"The Fate of Katherine Carr" is a particular literary work and an opportunity to enter the dark world of Thomas H. Cook if you do not know it yet, through the lives of three people, wounded people, even broken , as always with Cook.
George Gates, the narrator merely survive since the assassination of his son Teddy there a few years ago; the horror of events mixes a haunting guilt that he never raised. Katherine Carr is a poet who disappeared twenty years ago in mysterious circumstances ever; she is the author of a story whose heroine bears his name and which he hopes George will deliver the key to the mystery. Finally, Alice is a little girl with progeria, whose days are numbered and that George is trying to unravel the mysterious fate of Katherine Carr.

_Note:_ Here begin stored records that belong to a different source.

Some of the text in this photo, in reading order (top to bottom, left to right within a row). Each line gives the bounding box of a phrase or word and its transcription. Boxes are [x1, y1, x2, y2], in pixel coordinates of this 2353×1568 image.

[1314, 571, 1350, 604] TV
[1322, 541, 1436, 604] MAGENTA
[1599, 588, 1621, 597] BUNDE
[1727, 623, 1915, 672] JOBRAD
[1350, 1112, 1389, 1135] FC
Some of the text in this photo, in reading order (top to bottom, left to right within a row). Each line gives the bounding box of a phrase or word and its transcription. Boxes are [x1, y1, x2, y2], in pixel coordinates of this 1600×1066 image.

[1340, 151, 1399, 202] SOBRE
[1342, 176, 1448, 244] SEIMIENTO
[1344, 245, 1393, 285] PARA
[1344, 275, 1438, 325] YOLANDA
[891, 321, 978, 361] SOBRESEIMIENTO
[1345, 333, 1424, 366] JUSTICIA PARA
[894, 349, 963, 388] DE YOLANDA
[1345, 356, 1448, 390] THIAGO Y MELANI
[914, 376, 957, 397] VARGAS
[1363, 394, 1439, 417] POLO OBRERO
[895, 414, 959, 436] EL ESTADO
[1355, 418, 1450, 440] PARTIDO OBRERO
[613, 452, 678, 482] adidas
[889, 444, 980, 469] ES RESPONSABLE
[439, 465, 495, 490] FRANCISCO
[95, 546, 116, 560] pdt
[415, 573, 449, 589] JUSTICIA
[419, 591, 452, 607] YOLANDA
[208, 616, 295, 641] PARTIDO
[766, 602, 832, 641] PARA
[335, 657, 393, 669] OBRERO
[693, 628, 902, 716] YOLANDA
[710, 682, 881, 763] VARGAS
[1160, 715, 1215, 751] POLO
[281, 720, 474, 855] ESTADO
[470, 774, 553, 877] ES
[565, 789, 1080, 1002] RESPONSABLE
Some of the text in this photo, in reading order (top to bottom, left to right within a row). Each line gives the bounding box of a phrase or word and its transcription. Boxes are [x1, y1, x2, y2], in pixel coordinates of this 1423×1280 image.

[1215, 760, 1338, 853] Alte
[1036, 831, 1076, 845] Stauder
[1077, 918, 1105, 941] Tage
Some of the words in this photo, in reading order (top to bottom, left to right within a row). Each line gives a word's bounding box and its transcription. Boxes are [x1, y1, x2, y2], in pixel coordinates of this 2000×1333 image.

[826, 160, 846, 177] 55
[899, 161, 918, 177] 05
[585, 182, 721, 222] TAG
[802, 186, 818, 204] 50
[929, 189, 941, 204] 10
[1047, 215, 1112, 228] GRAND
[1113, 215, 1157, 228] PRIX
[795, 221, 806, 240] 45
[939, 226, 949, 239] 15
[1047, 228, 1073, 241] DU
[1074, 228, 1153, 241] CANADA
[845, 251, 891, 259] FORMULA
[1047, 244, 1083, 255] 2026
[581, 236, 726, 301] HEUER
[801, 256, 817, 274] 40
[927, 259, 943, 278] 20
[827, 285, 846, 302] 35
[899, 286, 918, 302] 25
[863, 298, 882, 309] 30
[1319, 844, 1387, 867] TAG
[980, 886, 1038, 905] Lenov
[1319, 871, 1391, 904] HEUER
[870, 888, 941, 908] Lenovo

This novel is beautifully constructed, stories fitting as nesting dolls, with mises en abyme that make it a bit complex: we really know if it's Katherine's story is told, or character Katherine in his own novel, or that of Alice perhaps, or why not the narrator, but regardless, eventually. What matters are the recurring themes in the work of Cook and come back here at all levels of the story: the obsession of absolute evil, innocence, guilt, infinite blackness with no possible redemption, the absence in response to questions at the suffering-whether that of the victims of human violence or violence by nature, as the disease Alice suffers.
Paradoxically, I felt some frustration, closing the book, because the reader is not rewarded with clear answers at the end of this subtle puzzle, and yet I could not rid myself of the feeling of having read something infinitely beautiful, where the strongest human emotions and painful are expressed in a lyrical prose of the highest quality. "Haunting" is probably the adjective that best applies to the works of Thomas H. Cook, because they are hard to forget and that each of its releases makes us want to dive back into his world as bitter as it may be .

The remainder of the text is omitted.